Let $x_n$ be a sequence of reals. Show that $$\delta_{x_n}\xrightarrow{w}\delta_{x} \iff x_n \to x$$
Since the weak convergence is equivalent to pointwise convergence of characteristic functions and since $$\varphi_{\delta_x}(t)=\int e^{its} \ d\delta_x(s) = e^{itx}$$ the "$\Leftarrow$" direction follows with continuity of $e^{it(\cdot)}$.
I am somewhat confused about the "$\Rightarrow$" direction. At first, I was going to do pretty much the same but with $\log$ yet I recalled that the complex log isn't continuous.
What is the proper way to do it?
Let $F,F_n$ denote the CDF's of probability measures $\delta_{x}$ and $\delta_{x_n}$. These are the characteristic functions of the sets $[x,\infty)$ and $[x_n,\infty)$.
Then: $$\delta_{x_{n}}\stackrel{w}{\rightarrow}\delta_{x}\iff\forall y\neq x\; F_{n}\left(y\right)\rightarrow F\left(y\right)$$
This because $F$ is continuous at $y$ if and only if $y\neq x$.
Assume that $x_{n}$ does not converge to $x$.

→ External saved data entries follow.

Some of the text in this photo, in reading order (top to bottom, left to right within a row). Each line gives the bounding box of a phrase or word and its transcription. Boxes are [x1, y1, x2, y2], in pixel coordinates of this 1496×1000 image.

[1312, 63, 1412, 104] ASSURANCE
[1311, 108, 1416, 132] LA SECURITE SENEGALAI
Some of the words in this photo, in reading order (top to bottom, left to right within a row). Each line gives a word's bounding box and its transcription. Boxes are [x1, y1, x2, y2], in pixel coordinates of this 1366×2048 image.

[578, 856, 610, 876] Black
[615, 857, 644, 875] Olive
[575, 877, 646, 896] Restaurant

Then some $\epsilon>0$ can be found such that $\left|x-x_{n}\right|>\epsilon$ for $n$ large enough and a subsequence $\left(x_{n_{k}}\right)$ must exist with $x_{n_{k}}>x+\epsilon$ for each $k$ or $x_{n_{k}}<x-\epsilon$ for each $k$.
In the first case for $y\in\left(x,x+\epsilon\right)$ we have $F\left(y\right)=1$ and $F_{n_k}\left(y\right)=0$ for each $k$.

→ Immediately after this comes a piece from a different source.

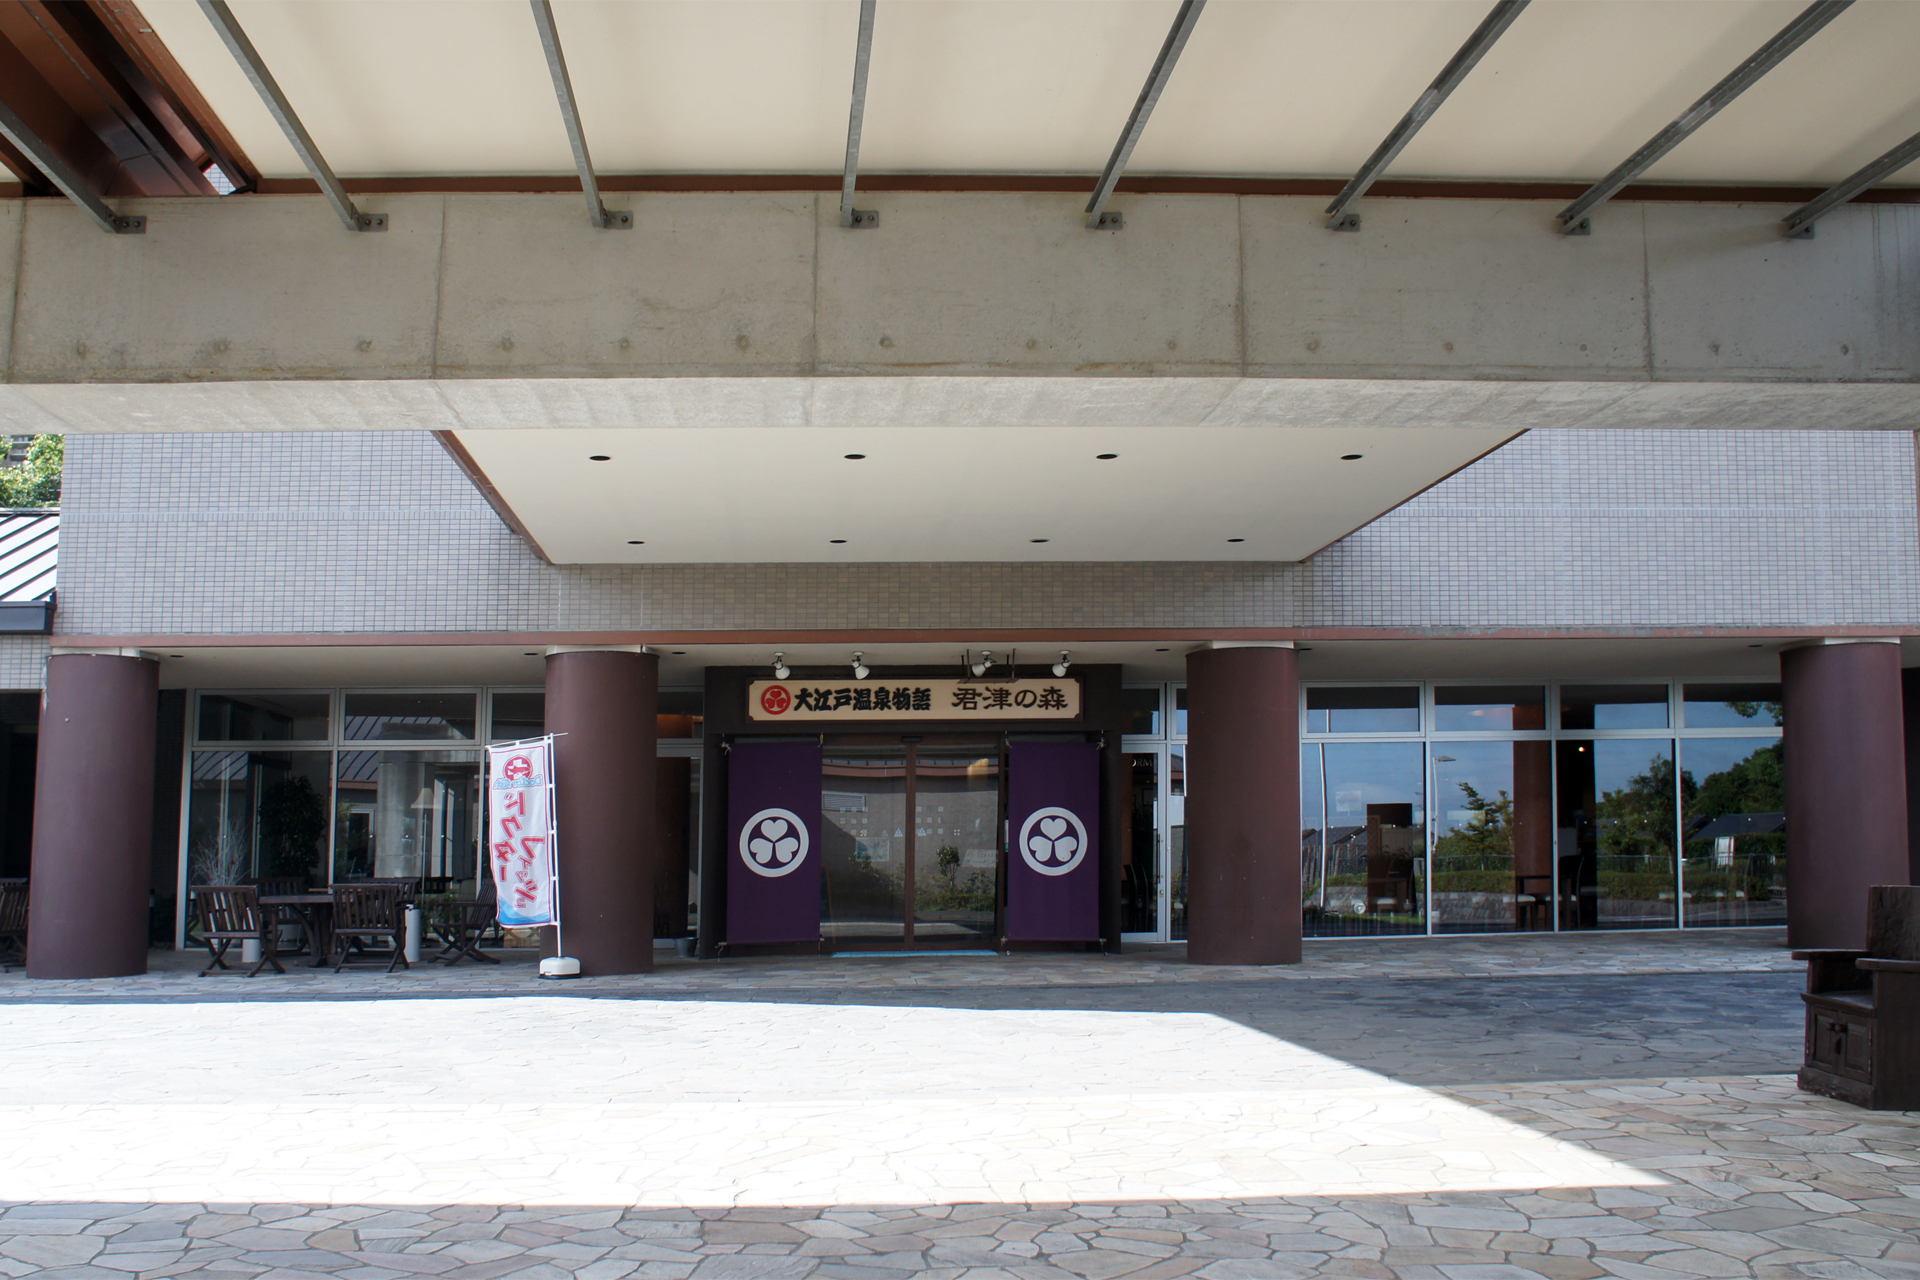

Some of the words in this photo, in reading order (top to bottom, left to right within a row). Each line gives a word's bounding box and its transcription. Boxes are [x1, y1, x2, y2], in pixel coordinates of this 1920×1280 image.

[794, 687, 931, 711] 大江戸温泉物語
[951, 686, 1068, 710] 君津の森

In the second case for $y\in\left(x-\epsilon,x\right)$ we have $F\left(y\right)=0$ and $F_{n_k}\left(y\right)=1$ for each $k$.

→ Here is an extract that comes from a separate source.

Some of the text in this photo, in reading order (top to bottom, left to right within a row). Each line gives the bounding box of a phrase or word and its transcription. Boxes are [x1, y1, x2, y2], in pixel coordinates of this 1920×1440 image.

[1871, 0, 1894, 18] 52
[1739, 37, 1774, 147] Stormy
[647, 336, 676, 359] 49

So in both cases we find that $\delta_{x_{n}}\stackrel{w}{\rightarrow}\delta_{x}$ is not true.
Proved is now $\neg x_{n}\rightarrow x\Rightarrow\neg\delta_{x_{n}}\stackrel{w}{\rightarrow}\delta_{x}$ or equivalently $\delta_{x_{n}}\stackrel{w}{\rightarrow}\delta_{x}\Rightarrow x_{n}\rightarrow x$.